Giovanna Martelli, ex deputata di sinistra, ricorda come «le condizioni socioeconomiche e la povertà educativa sono terreno fertile per pratiche di abuso». Urge quindi una campagna «contro la mercificazione delle donne, che va dalla surrogata alla legalizzazione della prostituzione». Per Vittoria Tola dell’Udi «il governo della libertà di scelta sulla maternità va affrontato sul piano economico, del welfare, ma anche della responsabilità e del senso del limite». In India e sud-est asiatico l’utero in affitto «non è un problema di scelte, ma di denaro e di ricchi intermediari».

Aurelio Mancuso, di Rete gay contro l’utero in affitto, ricorda come «per la comunità lesbica, che proviene dal movimento delle donne, c’è una riflessione maturata da decenni, mentre nella comunità gay maschile la maternità surrogata ha fatto scivolare il desiderio in diritto.

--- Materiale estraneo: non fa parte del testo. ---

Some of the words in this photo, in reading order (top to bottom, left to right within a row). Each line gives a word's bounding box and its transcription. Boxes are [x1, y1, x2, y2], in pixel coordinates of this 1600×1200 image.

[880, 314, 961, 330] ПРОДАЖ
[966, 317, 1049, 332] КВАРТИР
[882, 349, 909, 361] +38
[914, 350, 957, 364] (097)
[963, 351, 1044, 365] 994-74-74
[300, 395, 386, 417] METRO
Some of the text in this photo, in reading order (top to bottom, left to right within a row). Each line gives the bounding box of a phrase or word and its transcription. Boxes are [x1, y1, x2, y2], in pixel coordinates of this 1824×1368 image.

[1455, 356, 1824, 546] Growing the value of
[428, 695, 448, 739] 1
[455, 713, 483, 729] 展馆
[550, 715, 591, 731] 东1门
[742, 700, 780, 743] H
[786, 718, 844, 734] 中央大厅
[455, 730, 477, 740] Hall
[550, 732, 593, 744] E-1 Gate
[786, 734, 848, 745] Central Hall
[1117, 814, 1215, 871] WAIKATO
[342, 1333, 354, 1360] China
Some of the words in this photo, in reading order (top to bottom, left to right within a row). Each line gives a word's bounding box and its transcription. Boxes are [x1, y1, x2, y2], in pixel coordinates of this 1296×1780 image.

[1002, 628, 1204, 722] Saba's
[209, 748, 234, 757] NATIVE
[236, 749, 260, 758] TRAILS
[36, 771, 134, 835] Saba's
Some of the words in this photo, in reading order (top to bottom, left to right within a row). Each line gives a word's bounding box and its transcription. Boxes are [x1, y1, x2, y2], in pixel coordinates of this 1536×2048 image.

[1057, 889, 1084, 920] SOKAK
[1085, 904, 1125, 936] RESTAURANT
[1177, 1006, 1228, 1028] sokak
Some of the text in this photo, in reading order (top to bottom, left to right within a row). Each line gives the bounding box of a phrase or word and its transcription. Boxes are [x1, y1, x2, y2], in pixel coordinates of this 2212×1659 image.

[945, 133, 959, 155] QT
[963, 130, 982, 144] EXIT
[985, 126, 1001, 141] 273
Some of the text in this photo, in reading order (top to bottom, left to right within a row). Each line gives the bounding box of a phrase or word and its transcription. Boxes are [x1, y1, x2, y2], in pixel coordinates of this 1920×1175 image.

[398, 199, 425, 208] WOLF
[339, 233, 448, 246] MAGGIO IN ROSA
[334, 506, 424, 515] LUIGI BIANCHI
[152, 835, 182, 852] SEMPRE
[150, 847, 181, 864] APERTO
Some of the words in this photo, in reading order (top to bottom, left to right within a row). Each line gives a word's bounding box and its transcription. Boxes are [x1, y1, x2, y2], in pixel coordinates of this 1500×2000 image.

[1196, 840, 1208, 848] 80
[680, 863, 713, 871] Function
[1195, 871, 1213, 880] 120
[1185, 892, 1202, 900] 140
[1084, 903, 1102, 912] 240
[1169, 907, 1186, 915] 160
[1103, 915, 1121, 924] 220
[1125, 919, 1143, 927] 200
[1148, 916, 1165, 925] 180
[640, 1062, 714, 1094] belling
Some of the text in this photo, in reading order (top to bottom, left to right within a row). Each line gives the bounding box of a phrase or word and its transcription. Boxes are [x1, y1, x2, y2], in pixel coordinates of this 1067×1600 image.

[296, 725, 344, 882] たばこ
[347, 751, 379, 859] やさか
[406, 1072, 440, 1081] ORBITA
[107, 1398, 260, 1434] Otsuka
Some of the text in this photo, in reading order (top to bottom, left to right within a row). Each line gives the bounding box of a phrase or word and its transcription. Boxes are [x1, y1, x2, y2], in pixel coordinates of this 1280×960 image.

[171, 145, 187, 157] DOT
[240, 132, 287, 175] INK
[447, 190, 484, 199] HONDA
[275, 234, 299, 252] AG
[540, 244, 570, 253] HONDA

Ma il mio desiderio di essere tutto e il contrario di tutto conosce un limite nella società, nella tutela dei minori, nella Costituzione».

La genesi di una posizione così poco femminista nata in seno alla Cgil prova a ricostruirla Vittoria Tola dell’Udi: «L’Ufficio nuovi diritti della Cgil è tradizionalmente affidato a esponenti radicali. Landini ha detto che il sindacato non ha discusso questo tema e non è stato coinvolto nella preparazione della conferenza» pro-utero in affitto. «Lo sportello nuovi diritti era nato nella Cgil per dare sostegno ai lavoratori discriminati per il loro orientamento sessuale – ricorda Mancuso – ma avendo in realtà poco da fare perché riceveva ben poche denunce, cominciò a riconvertirsi sulla tutela delle cosiddette sex worker. Di fatto è un ufficio affidato a esponenti radicali per introdurre nuovi temi nel sindacato dei lavoratori».

Anche il Coordinamento nazionale donne Acli ha aderito all'iniziativa a contrasto della pratica della maternità surrogata promossa di Se non ora quando - libere. “La pratica della surroga, che in Italia è reato, ci indigna soprattutto per la riproposizione di un modello femminile legato esclusivamente allo sfruttamento e alla mercificazione del corpo. - afferma Agnese Ranghelli, responsabile del Coordinamento Donne Acli - Da sempre, come donne delle Acli, siamo impegnate a combattere le tante forme di mercificazione del corpo della donna e la maternità surrogata fa esattamente questo: è una subdola forma di violenza perpetrata da persone che possono permettersi di spendere ingenti somme di denaro per questa compravendita di mamme e bambini. Non si tratta di un giudizio sul legittimo desiderio di maternità e paternità di tante persone che, per vari motivi, non possono generare figli: siamo ben consapevoli di tutte le difficoltà cui si va incontro in questa situazione. Tuttavia, ci sono molti modi per essere generativi, dall’adozione, anche a distanza, all’affido, allo stesso impegno sociale e nel volontariato”.